START DATA RECORDS

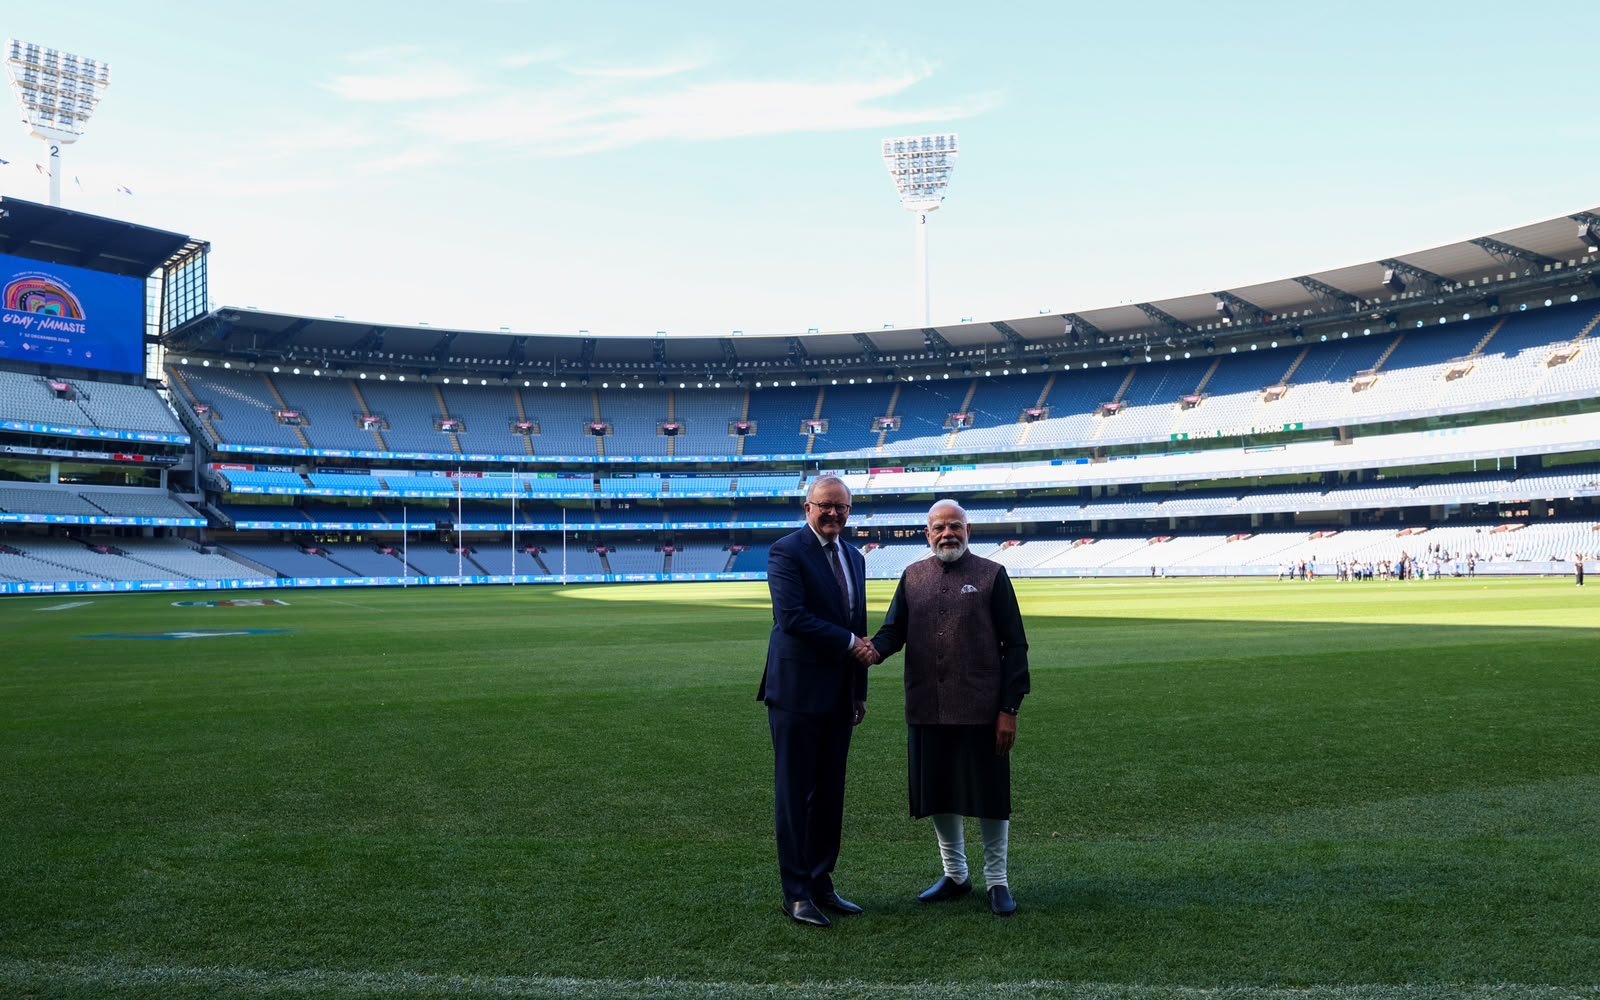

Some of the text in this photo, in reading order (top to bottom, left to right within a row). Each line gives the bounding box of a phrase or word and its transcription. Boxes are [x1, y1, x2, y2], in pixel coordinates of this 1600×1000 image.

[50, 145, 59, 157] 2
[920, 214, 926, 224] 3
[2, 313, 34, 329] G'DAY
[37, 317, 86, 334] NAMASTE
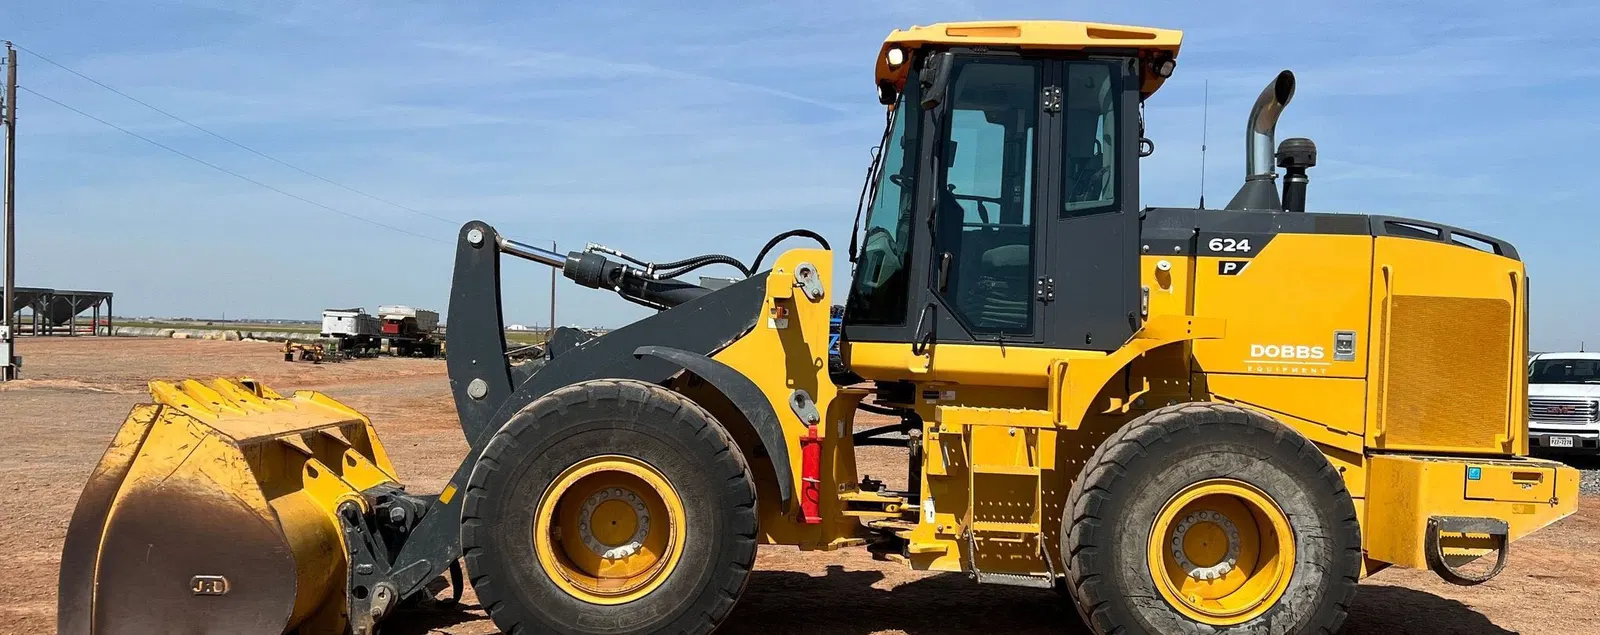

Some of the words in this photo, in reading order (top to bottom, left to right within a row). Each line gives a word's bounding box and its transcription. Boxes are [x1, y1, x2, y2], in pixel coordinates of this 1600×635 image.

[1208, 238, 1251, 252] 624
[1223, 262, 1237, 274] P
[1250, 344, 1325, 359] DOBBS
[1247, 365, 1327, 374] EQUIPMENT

END DATA RECORDS

_WORK TASK_
Would you output the listing above verbatim, without its pictures?

_WRITTEN RESPONSE_
Some of the text in this photo, in reading order (top to bottom, left to right within a row). Each line gives the bounding box of a phrase or word and its transcription. Boxes are [x1, y1, x2, y2], in pixel coordinates of this 1600×1000 image.

[50, 145, 59, 157] 2
[920, 214, 926, 224] 3
[2, 313, 34, 329] G'DAY
[37, 317, 86, 334] NAMASTE

Some of the words in this photo, in reading order (top to bottom, left to right within a row). Each line gives a word's bounding box and its transcription. Boxes are [x1, y1, x2, y2], in pixel coordinates of this 1600×635 image.

[1208, 238, 1251, 252] 624
[1223, 262, 1237, 274] P
[1250, 344, 1325, 359] DOBBS
[1247, 365, 1327, 374] EQUIPMENT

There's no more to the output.